Ses rares sorties dans la réalité se bornaient à l'achat de ses Marlboro, de sa demie savonnette de Marocain et de ses paquets de Curly sans lesquels la survie du Gamer (et de la sienne en particulier) ne serait pas envisageable.
C'est en me rendant chez lui, cet appartement sentant bon la chaussette sale et la cacahuète artificielle, pour tenter de lui raquer un morceau de Teuh-Teuh et calmer une migraine épouvantable dû à l'écoute prolongée d'un titre de Christophe Maé dans un centre commercial, qu'il s'est passé une chose étrange.
Je rentrais dans ce vieil immeuble sombre et humide, je grimpais difficilement les trois étages qui me séparait de l'appart, mon mal de tête empirait douloureusement.

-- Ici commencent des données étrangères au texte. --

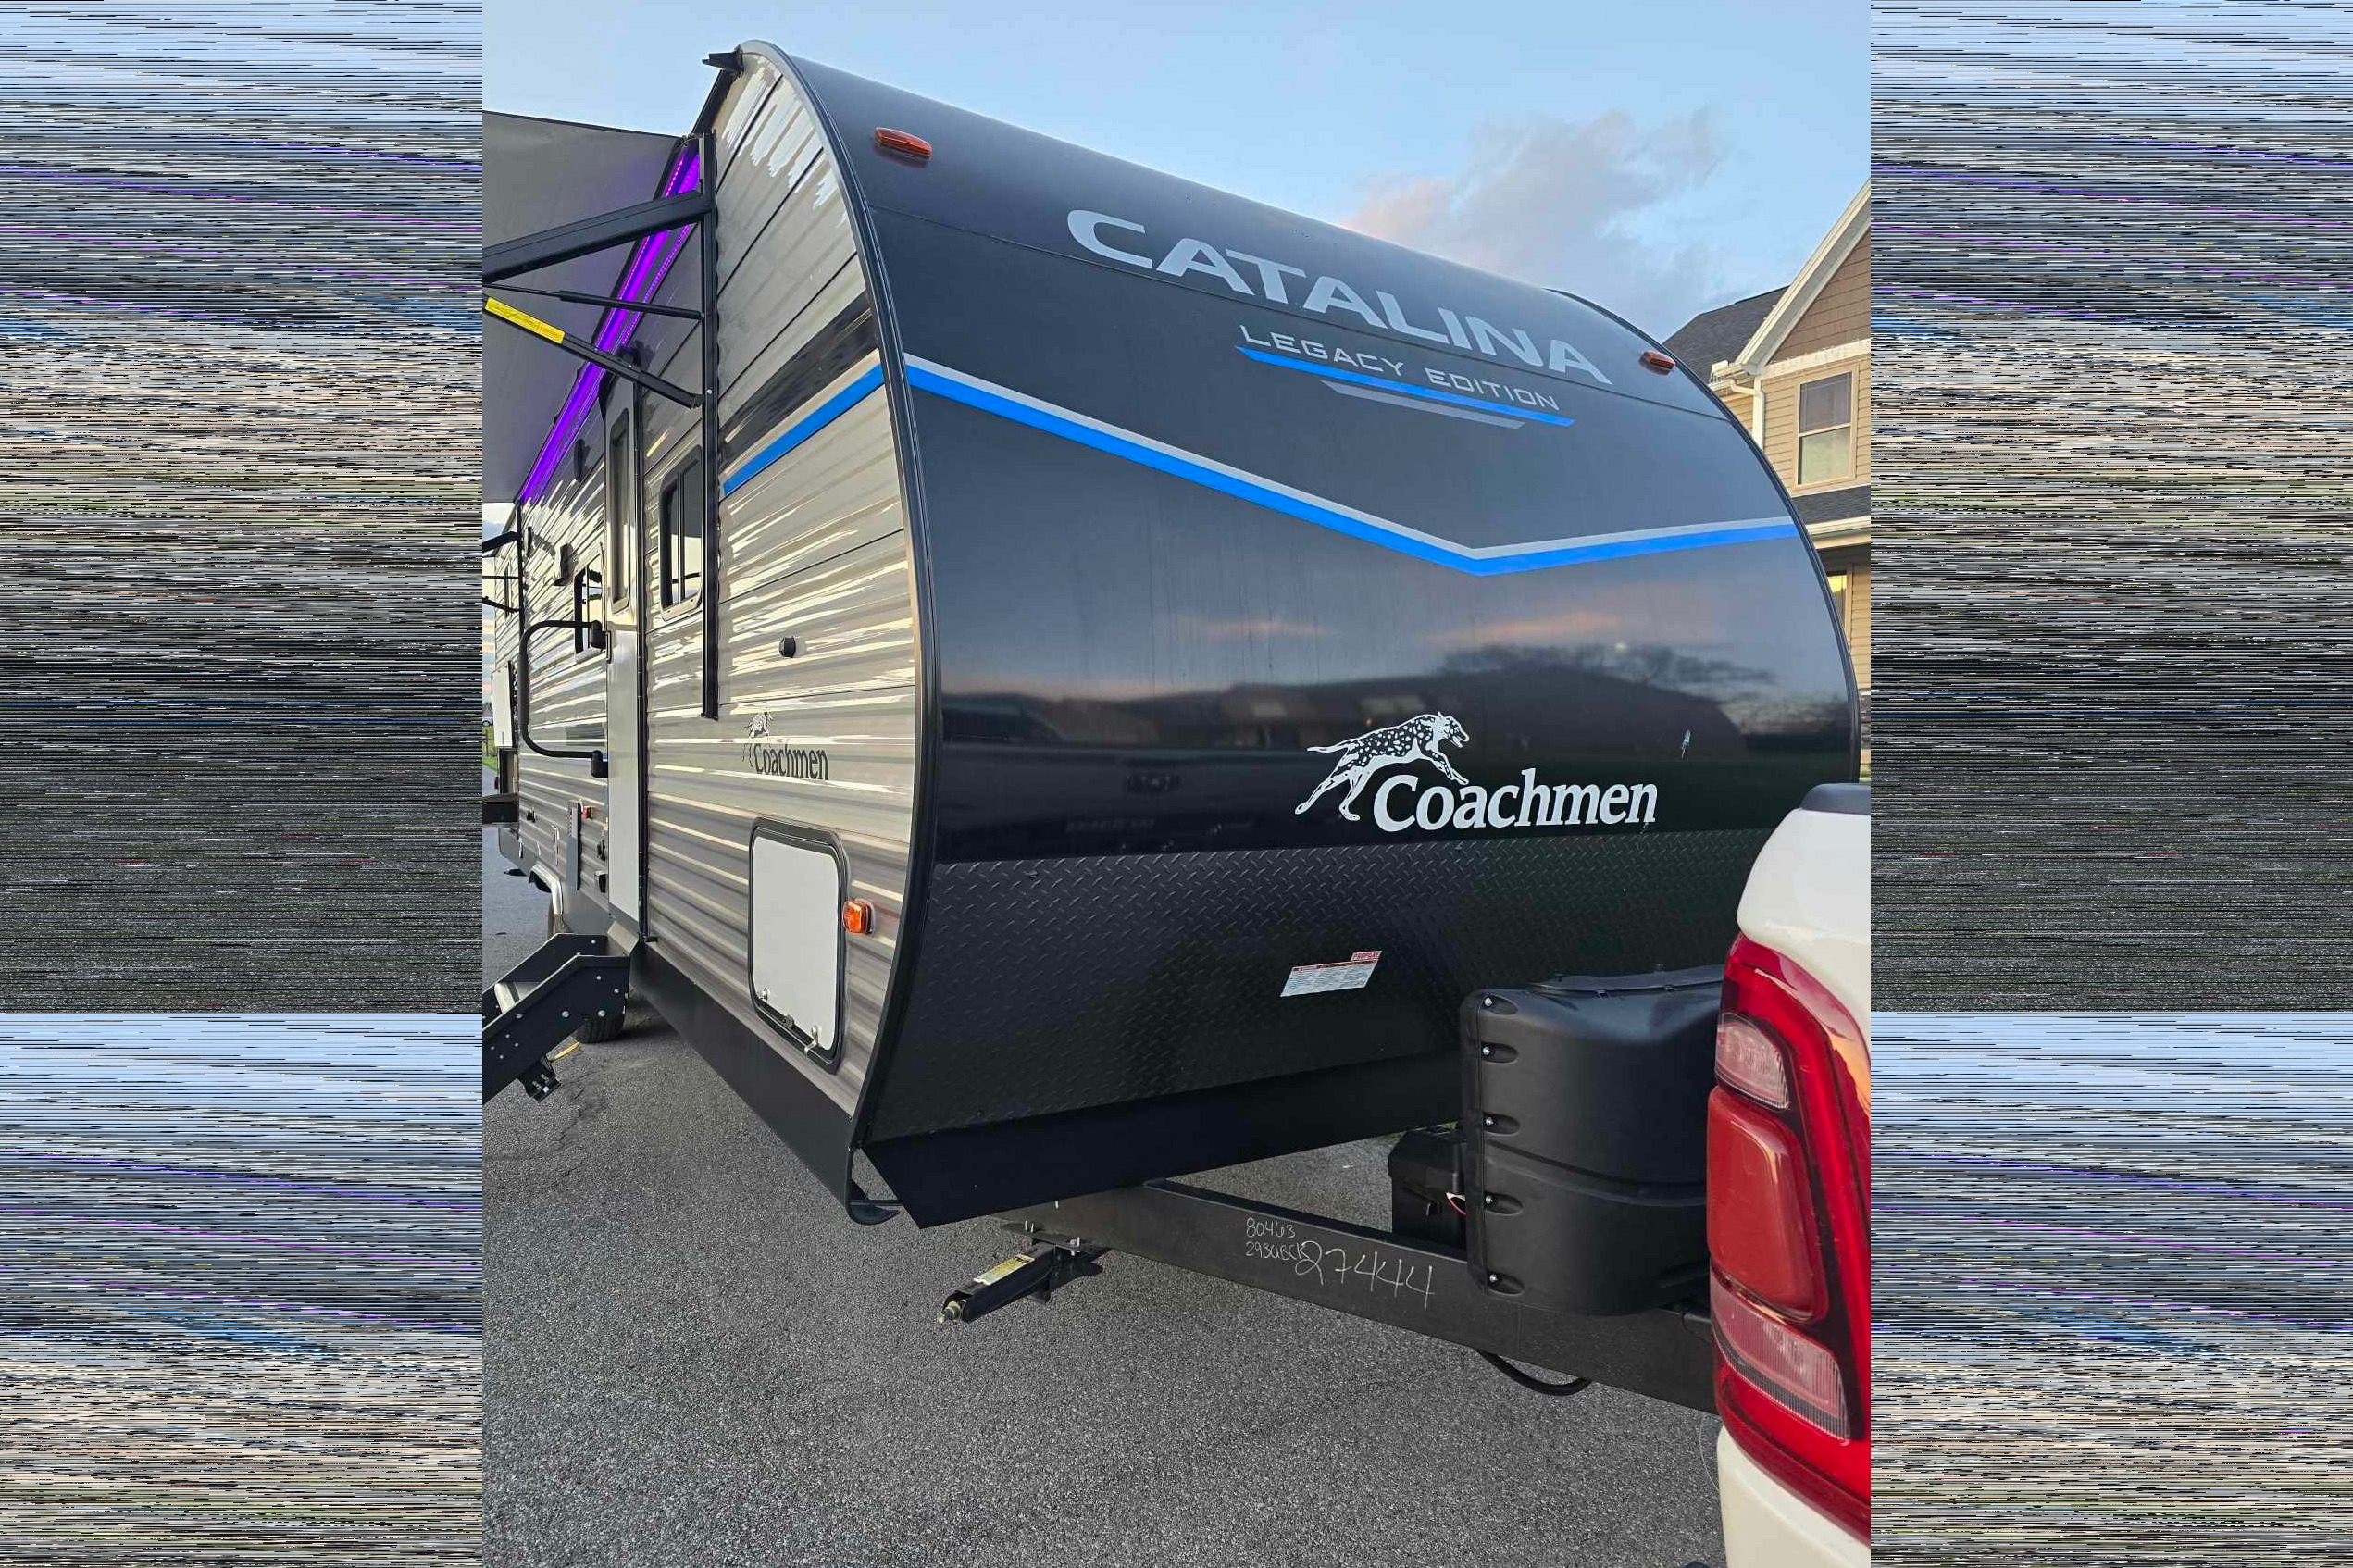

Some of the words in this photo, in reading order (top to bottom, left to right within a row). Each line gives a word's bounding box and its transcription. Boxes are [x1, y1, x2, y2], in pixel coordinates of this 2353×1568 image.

Arrivé devant le palier de chez mon pote, les relents auditifs putrides du dernier Christophe Maé emplissaient ma boîte crânienne qui était prête à exploser.
Je tape à la porte: Personne. J'entre.
Le salon était plongé dans l'obscurité.
Juste la lueur blanchâtre de l'écran de télévision illuminait la pièce d'un éclat blafard.
Mes maux de têtes ne cessaient pas, cet enfoiré de Maé avait pris mon teston pour une putain de salle de répèt'.
J'avançais doucement dans cette pièce jonchée de bouteilles de Coca vides et de mégots de bédo refroidis.
Là, sur la table basse poussiéreuse, je vis trôner fièrement le Bang que nous avions fabriqué et qui avait la particularité de soigner les maux de têtes, tout en te filant les plus beaux yeux rouges de n'importe quelle cages à lapins.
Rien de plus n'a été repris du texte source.